Bagi banyak orang, sampah menjadi salah satu momok masalah terbesar. Penggerak sosial di bidang lingkungan bahkan banyak yang lahir dari keprihatinan melihat isu sampah. Tak jarang sampah membuat orang gundah merana. Sampah menjadi salah satu isu lingkungan yang amat serius bagi bangsa.
Tahun 2016 Indonesia dinobatkan sebagai salah satu negara penyumbang sampah terbesar kedua di dunia (khususnya sampah plastik ke laut) setelah Cina. Lamb, et.al (2018) dalam penelitiannya yang berjudul Plastic Waste Associated with Disease on Coral Reefs menunjukkan bahwa sampah plastik paling banyak ditemukan di Indonesia, yakni 25,6 bagian per 100 m2 terumbu karang di lautan.

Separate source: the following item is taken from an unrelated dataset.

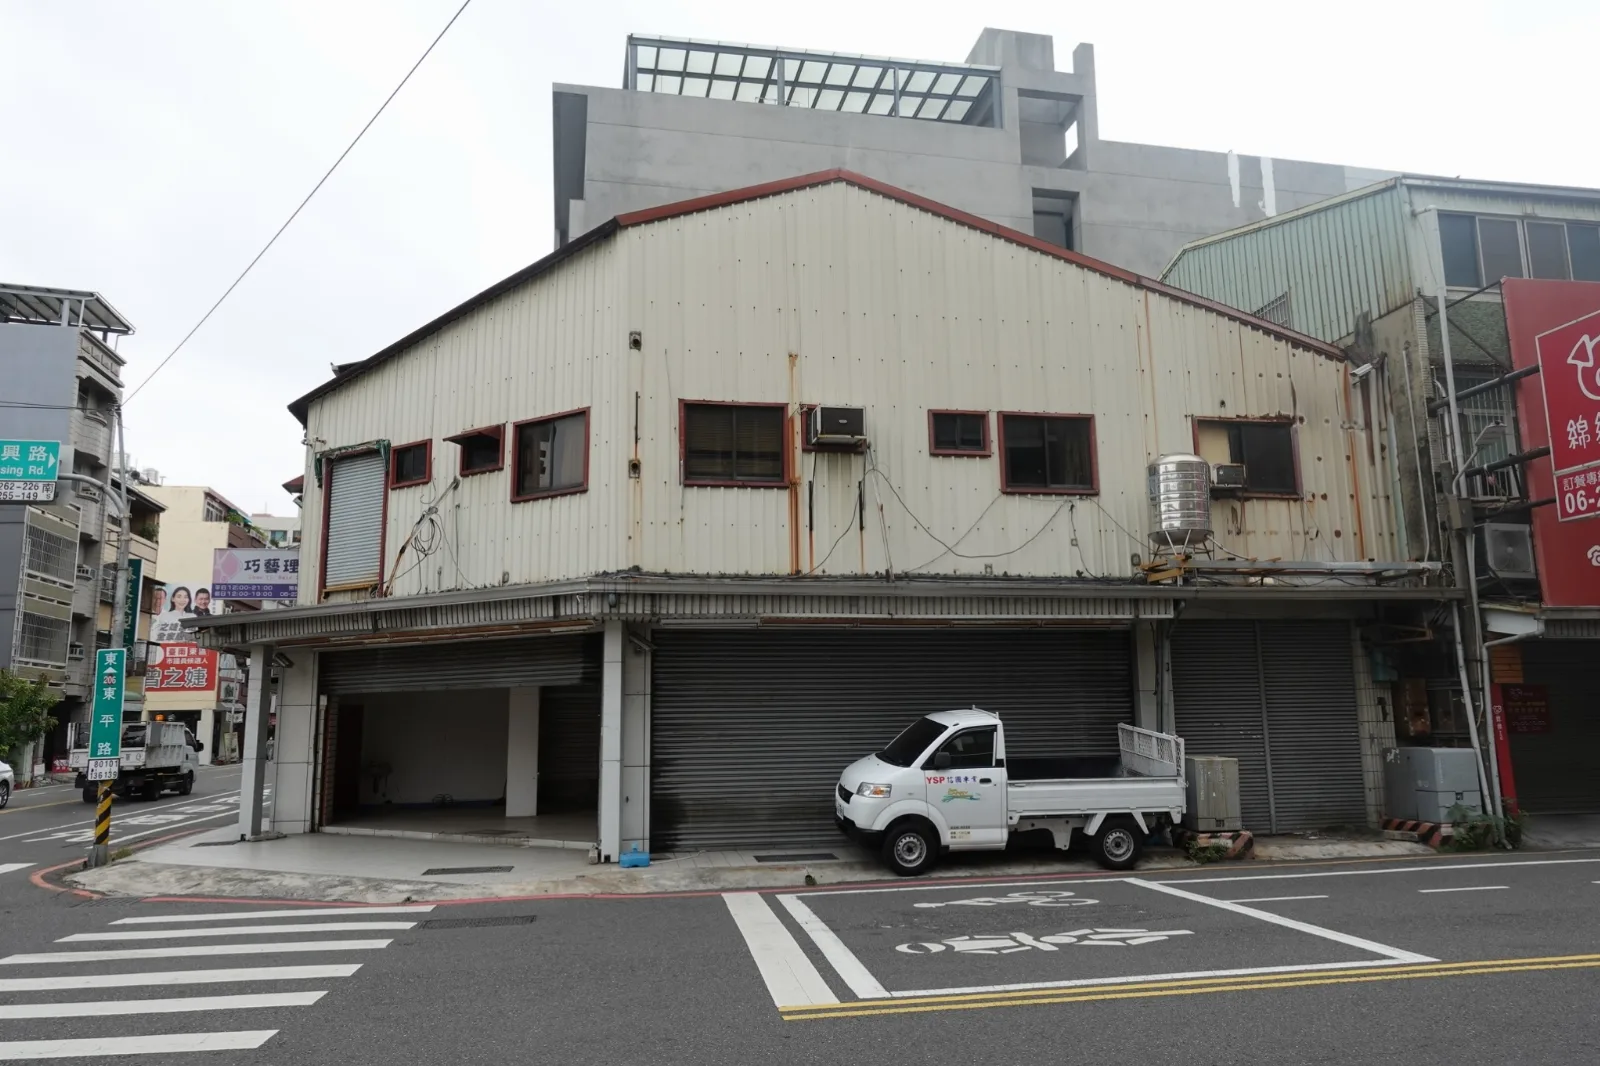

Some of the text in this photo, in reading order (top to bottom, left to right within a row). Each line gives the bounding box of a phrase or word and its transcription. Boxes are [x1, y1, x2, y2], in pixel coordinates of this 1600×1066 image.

Hasil riset Greeneration, sebuah organisasi non-pemerintah yang 10 tahun mengikuti isu sampah. Tempo.co mengemukakan bahwa satu orang di Indonesia rata-rata menghasilkan 700 kantong plastik per tahun. Secara umum Indonesia menghasilkan sampah sebanyak 175.000 ton per hari.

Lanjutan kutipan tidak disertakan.